Here’s the result from the feed in plain text:
In my case I like to take a nice shower, to take care of my beautiful hair, deal Trump said. “I have to stand under the shower for 15 minutes until it gets wet. It comes out drip, drip, drip. It’s ridiculous.”
Weak shower pressure has been one of Mr. Trump’s long-standing pet peeves. The whole thing may have sounded familiar – a little too familiar – for anyone who has been watching Netflix’s recent screwball mystery series, The Residence, in which President Perry Morgan, played by Paul Fitzgerald, has a similar pet peeve, with a White House usher explaining that he demands pressure like a fire hose.

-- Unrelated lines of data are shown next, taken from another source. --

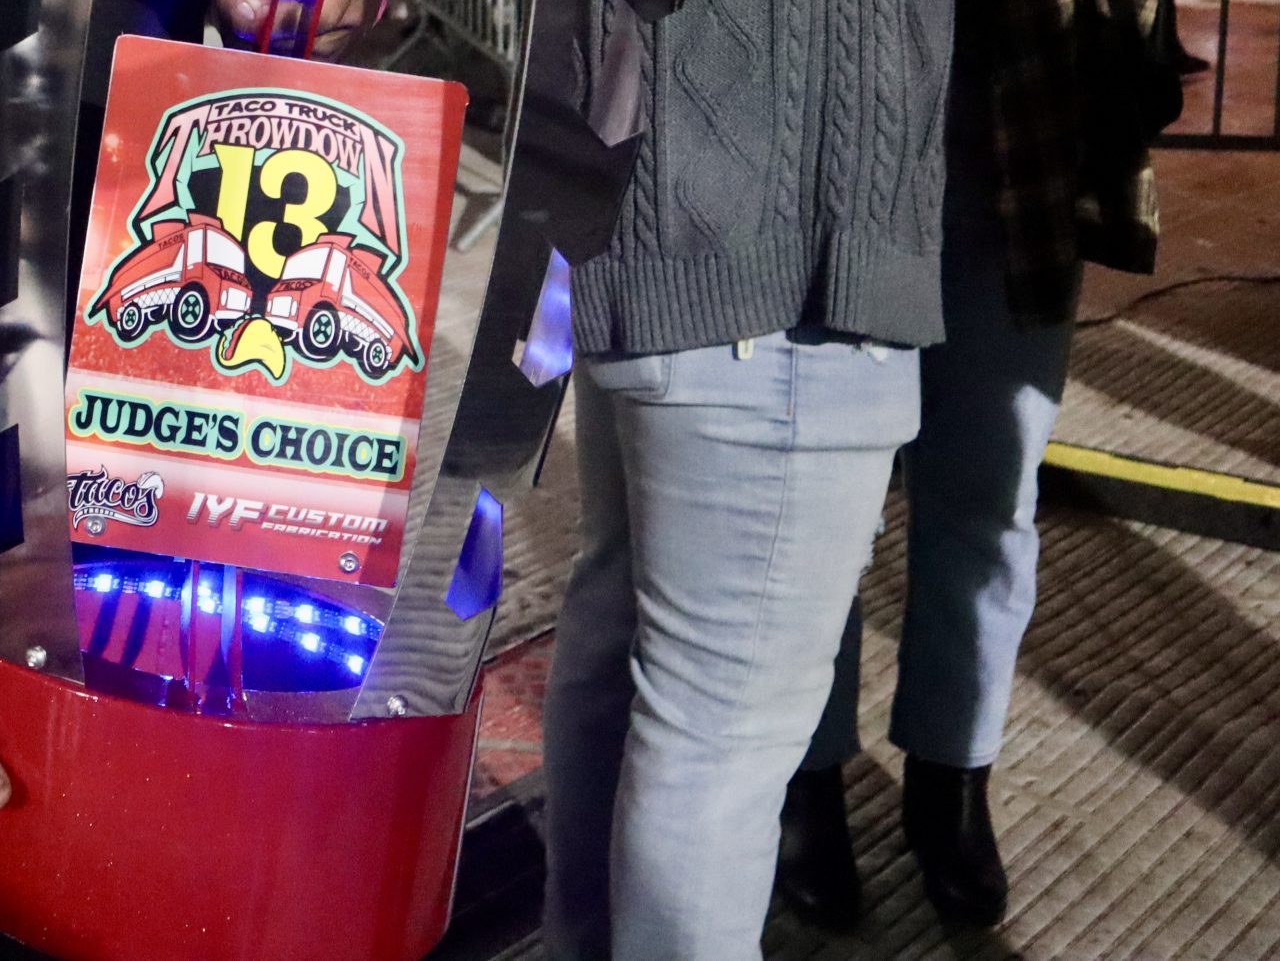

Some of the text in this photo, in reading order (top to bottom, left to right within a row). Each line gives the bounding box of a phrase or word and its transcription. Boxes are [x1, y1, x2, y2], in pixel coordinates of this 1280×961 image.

[215, 99, 357, 138] TACO TRUCK
[139, 103, 400, 255] THROWDOWN
[214, 143, 338, 280] 13
[157, 232, 185, 252] TACOS
[349, 256, 371, 280] TACOS
[75, 393, 401, 476] JUDGE'S CHOICE
[186, 492, 389, 533] IYF CUSTOM
[260, 522, 383, 545] FABRICATION

The water pressure incident was a quirky scene that proved almost too prescient, and Paul William Davies, the writer and producer of the show, took some time on Friday to discuss how he finds the whole thing thoroughly amusing. This show leverages the White House’s many rooms, secret passageways, and quirky staffing details. How much of it is fact and fiction? Obviously, the big picture part of it – the dead body in the White House – is 100 percent fiction. But he tried to draw on, or at least be inspired by, things that did actually happen that he thought were kind of fascinating. It is. It’s based on a thing that happened with President Johnson, who was obsessed with his shower – both the water pressure and the water temperature. And when he moved into the White House, immediately after the Kennedy assassination, he became very fixated on the low water pressure. There was one plumber who worked in the White House who did, at one point, bring in folks from outside, the Park Service and other federal entities, to see if they could work on the water pressure, and also had people leave the White House to go look at other buildings that he had been in to see if they could kind of replicate the systems. I have not. There’s just something about shower water pressure that feels so personal and relatable. It’s one of those things that reminds you, ‘Oh, presidents, they’re just like us.’ Yeah. I mean, it really does go to the fact that this is the home of the president. You know, it’s an old building – there’s lots of quirks to it, and the water pressure is certainly one of them. It made me laugh because I hadn’t really thought about the water pressure thing as being something that would come back up again. A couple of things in the show: I have a scene between two senators where they talk about buying Greenland and also abolishing the Department of Education. Both of which have obviously come up as concepts in the last couple of months. It made me laugh because I hadn’t really thought about the water pressure thing as being something that would come back up again. But the shower thing kind of surprised me because it seemed like such a particular obsession of President Johnson’s that I didn’t expect to hear about it. A couple of years ago.